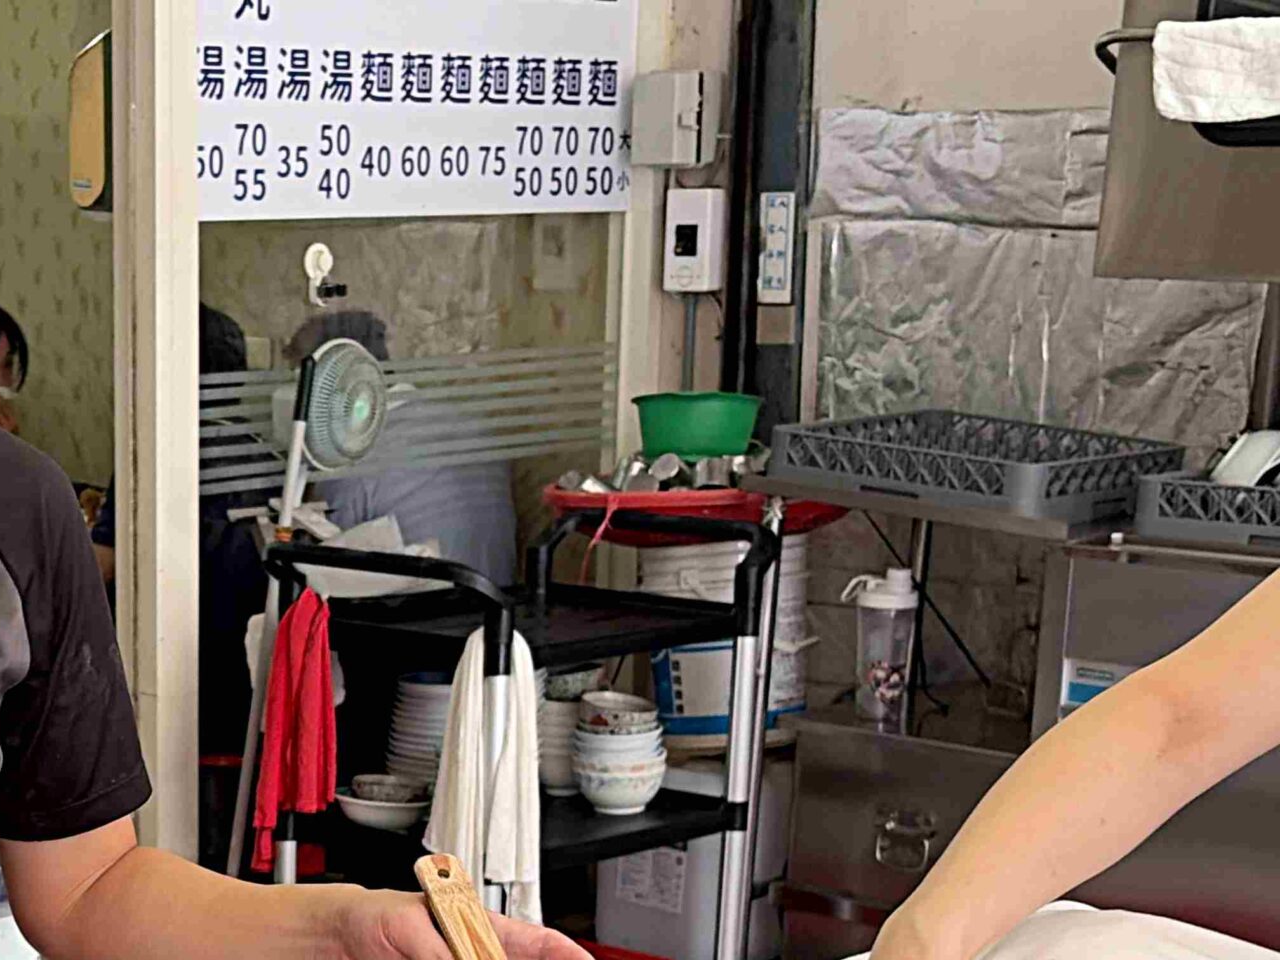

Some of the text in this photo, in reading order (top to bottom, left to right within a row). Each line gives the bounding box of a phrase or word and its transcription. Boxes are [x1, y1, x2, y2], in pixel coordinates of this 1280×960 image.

[233, 45, 269, 100] 湯
[277, 47, 312, 102] 湯
[320, 49, 354, 103] 湯
[360, 50, 394, 103] 麵
[400, 51, 434, 103] 麵
[440, 52, 472, 104] 麵
[479, 54, 510, 104] 麵
[516, 55, 546, 105] 麵
[552, 57, 582, 106] 麵
[588, 58, 618, 106] 麵
[234, 123, 632, 156] 70 50 70 70 70 大
[277, 145, 308, 177] 35
[360, 145, 391, 177] 40
[401, 146, 430, 177] 60
[440, 146, 469, 176] 60
[478, 146, 506, 176] 75
[233, 166, 630, 201] 55 40 50 50 50 小

▶ **WHAT YOU ARE ASKED TO DO**: Leave the images aside and transcribe all entries exactly.

▶ **RESPONSE TO THE TASK**:
Some of the text in this photo, in reading order (top to bottom, left to right within a row). Each line gives the bounding box of a phrase or word and its transcription. Boxes are [x1, y1, x2, y2], in pixel coordinates of this 1280×960 image.

[233, 45, 269, 100] 湯
[277, 47, 312, 102] 湯
[320, 49, 354, 103] 湯
[360, 50, 394, 103] 麵
[400, 51, 434, 103] 麵
[440, 52, 472, 104] 麵
[479, 54, 510, 104] 麵
[516, 55, 546, 105] 麵
[552, 57, 582, 106] 麵
[588, 58, 618, 106] 麵
[234, 123, 632, 156] 70 50 70 70 70 大
[277, 145, 308, 177] 35
[360, 145, 391, 177] 40
[401, 146, 430, 177] 60
[440, 146, 469, 176] 60
[478, 146, 506, 176] 75
[233, 166, 630, 201] 55 40 50 50 50 小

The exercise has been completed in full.